The position of SRE on the curriculum is not the only source of controversy.  The content of SRE also raises concerns.

To cite a recent example, it was highlighted during the Education Committee’s inquiry that the supplementary guidance published by the PSHE Association, the Sex and Education Forum and Brook includes a link to a ‘traffic light tool’ on the Brook website, which is designed “to help professionals assess whether children and young people’s sexual behaviours are healthy or unhealthy.”  Under ages 13-17, ‘green behaviour’ includes:

consenting oral and/or penetrative sex with others of the same or opposite gender who are of similar age and developmental ability

In evidence to the Committee, Sarah Carter, a trustee of the Family Education Trust, stated that this guidance maintained that:

consensual sexual activity from the age of 13 is normal behaviour and development, whereas the law states that the young people should wait until they are 16 at least, never mind if they are ready or not.

Brook defended the tool, stating in written evidence to the Committee that it was:

not designed for SRE, but [was rather] a safeguarding tool for use by professionals to understand more about the sexual behaviour and development of young people and to respond appropriately to different behaviours.

Brook added that in schools they “would expect young people to be taught about the age of consent,” and in further evidence cited organisations that supported the guidance, including the NSPCC, Barnardos, and the Royal College of GPs.

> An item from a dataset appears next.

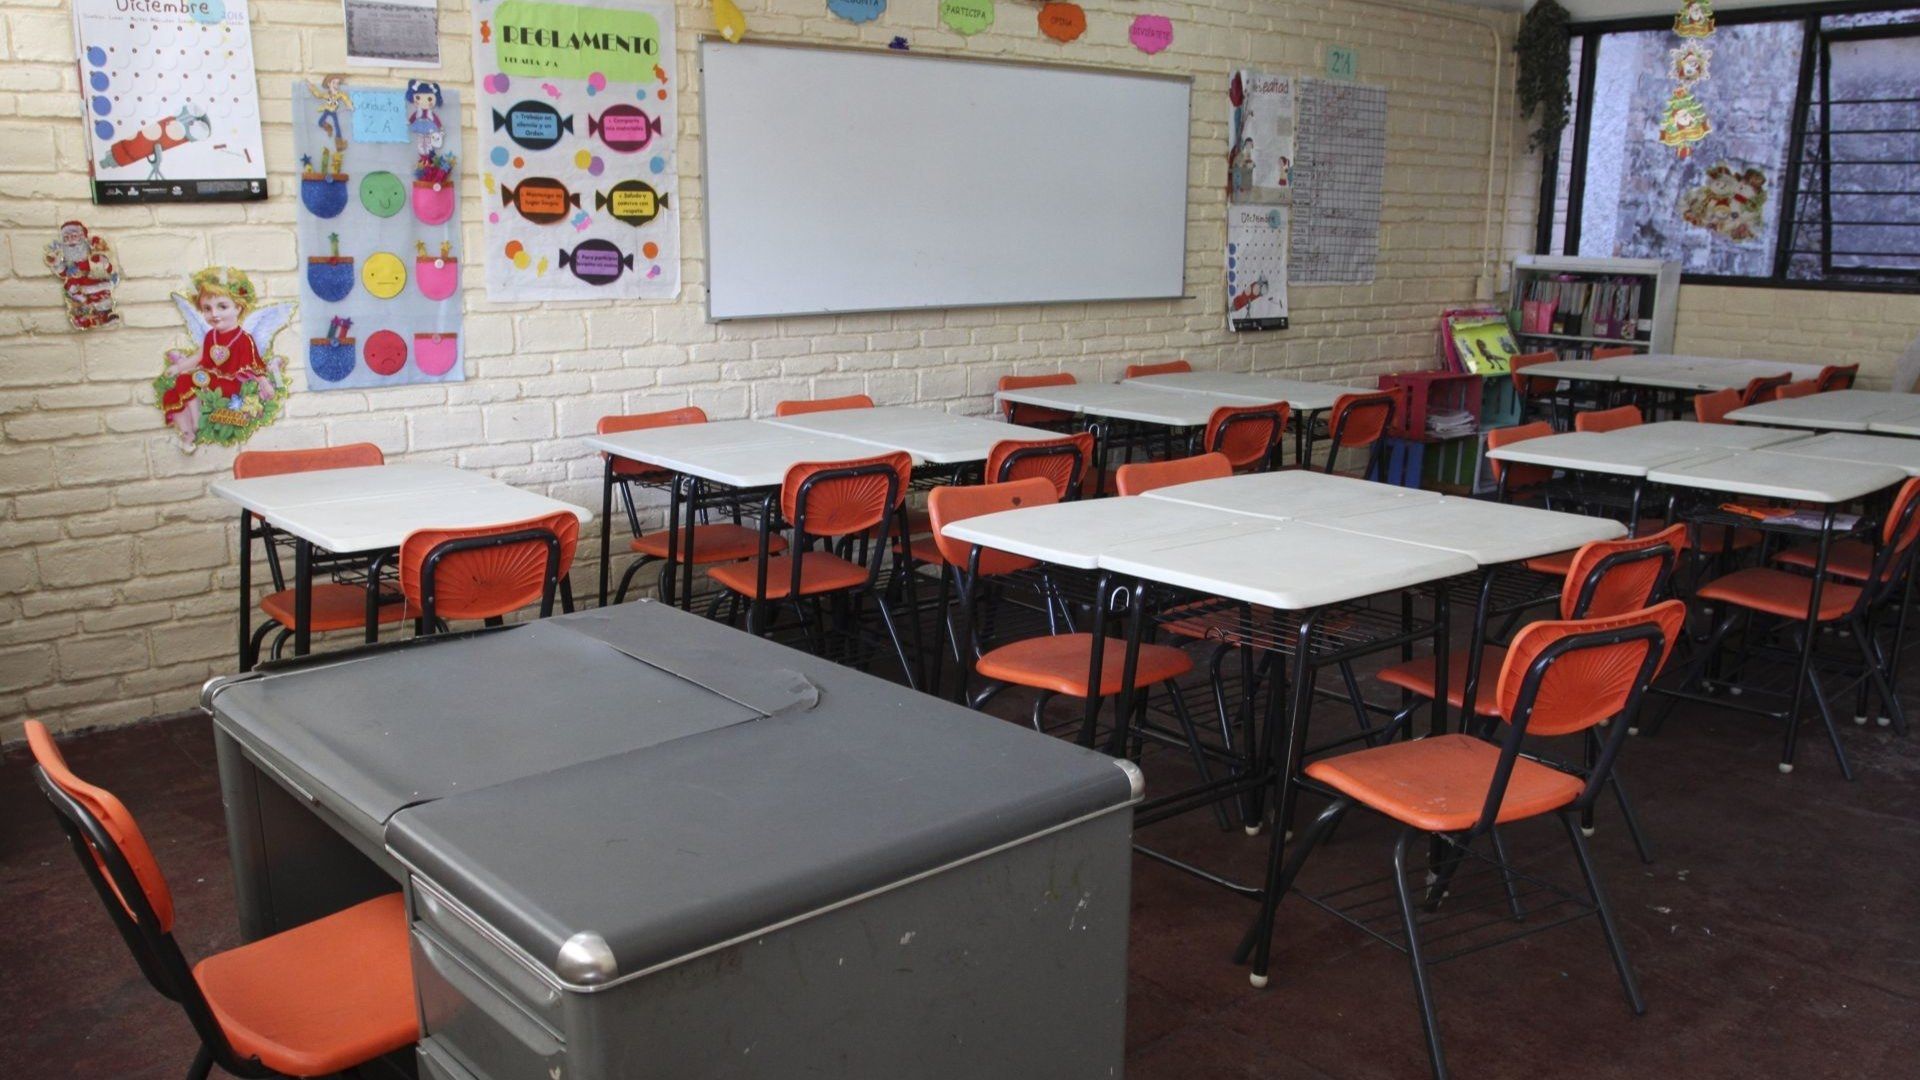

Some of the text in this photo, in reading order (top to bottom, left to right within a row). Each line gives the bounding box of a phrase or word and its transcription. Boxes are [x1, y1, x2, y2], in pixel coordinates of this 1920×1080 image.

[117, 0, 210, 14] Diciembre
[946, 4, 987, 20] PARTICIPA
[503, 25, 659, 56] REGLAMENTO

Whatever one makes of the controversy, it highlighted the delicacy of SRE not just as a matter of broad principle – whether children should receive it or not – but as a matter of debate about its content, and anything connected to its teaching.  Articles in the Telegraph and the Guardian quickly picked up on the debate.

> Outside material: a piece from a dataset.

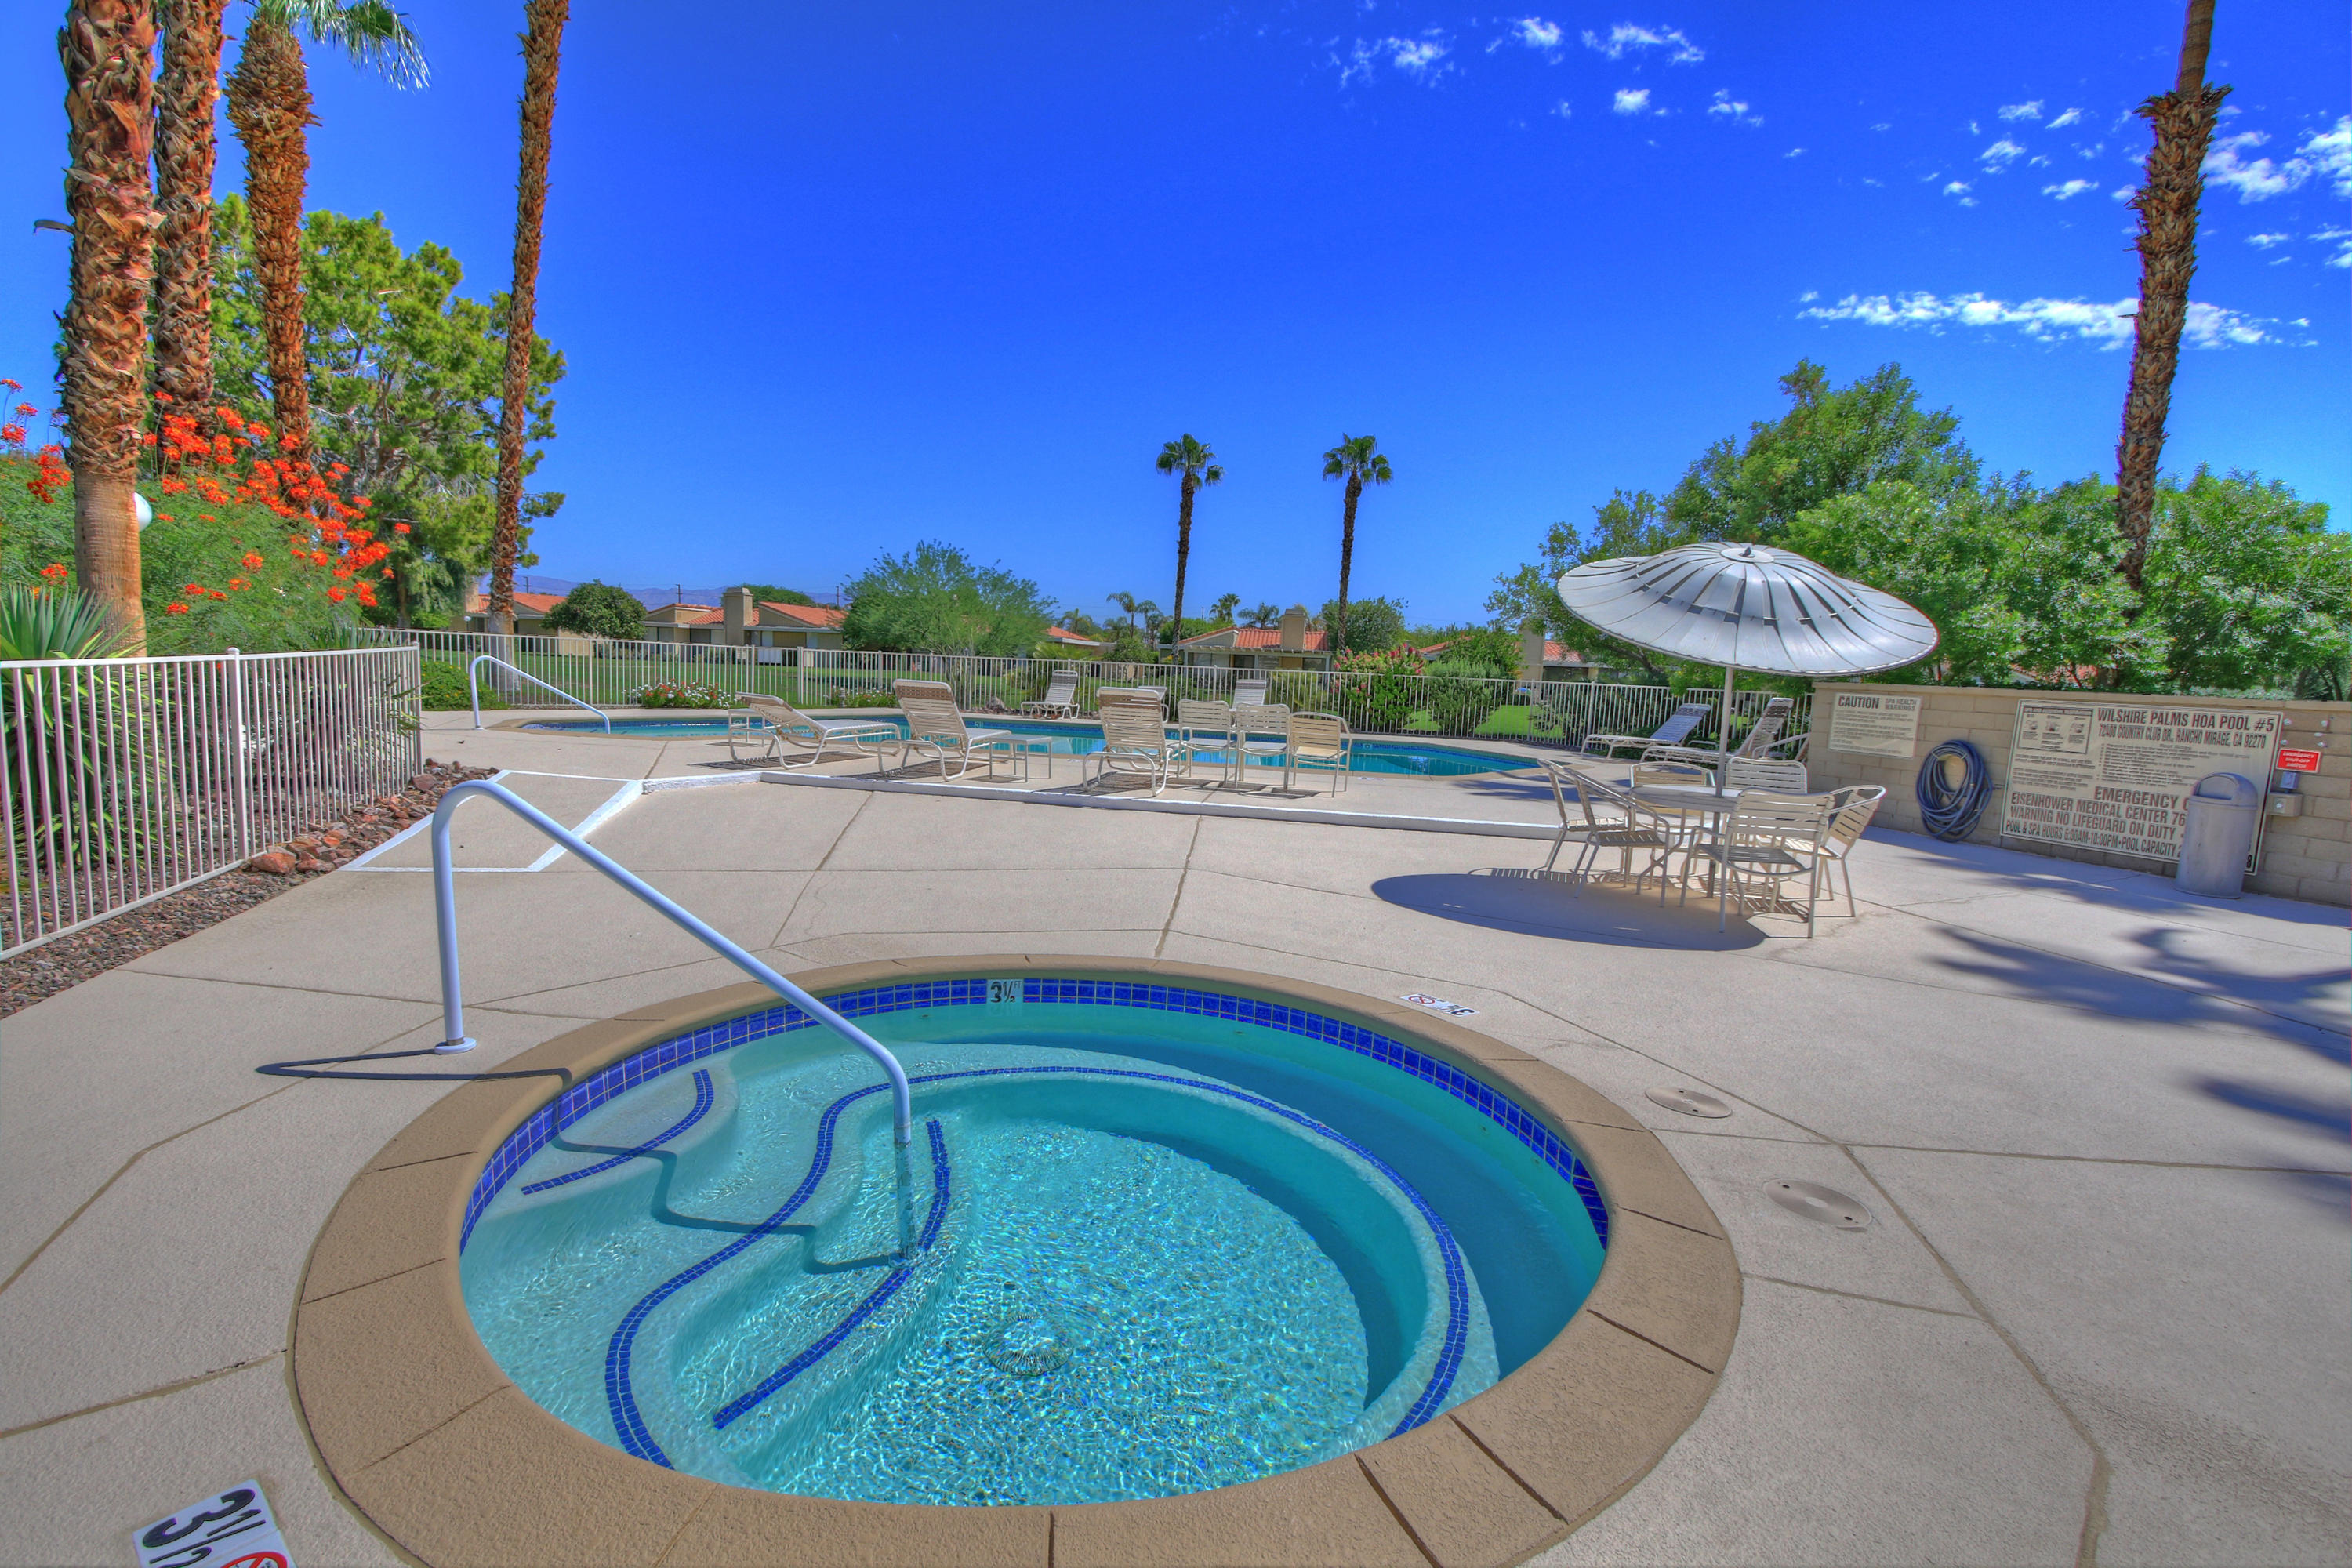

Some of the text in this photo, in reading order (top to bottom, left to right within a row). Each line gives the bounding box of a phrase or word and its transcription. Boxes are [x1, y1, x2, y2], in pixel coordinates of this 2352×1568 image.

Views on what constitutes acceptable sexual behaviour vary widely; if SRE were to be made statutory, might it be only the first stage in a protracted battle over what was taught?  Or would statutory status provide the impetus for a resolution to concerns such as these, and the raising of standards?

What next?

The Education Committee will report early in 2015.  In its final evidence session, the schools Minister, Nick Gibb, supported the Government’s 2000 guidance, pointing to a review by the Government in 2013 which judged it to still be “very pertinent,” although in need of improvement relating to online issues.  He also supported the supplementary guidance developed by the PSHE Association and others as of “very high quality.”  The use of these two pieces of guidance, he stated, “if schools adopt it and implement it, it will result in very good SRE education in schools.”

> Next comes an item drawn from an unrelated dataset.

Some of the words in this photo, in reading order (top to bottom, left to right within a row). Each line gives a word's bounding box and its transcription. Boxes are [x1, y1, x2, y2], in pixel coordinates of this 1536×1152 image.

It remains to be seen whether the Committee will recommend stronger action from the Government, either statutorily or through some other mechanism.  Whether or not it does, the debate over SRE seems unlikely to go away.  Both in itself and in links to broader concerns – for instance the impact of pornography or the heightened potential for abuse if children are uninformed about what constitutes a valid relationship – the views it provokes are fierce.  If this Government or its successor did decide to move towards change, the debate might only be beginning.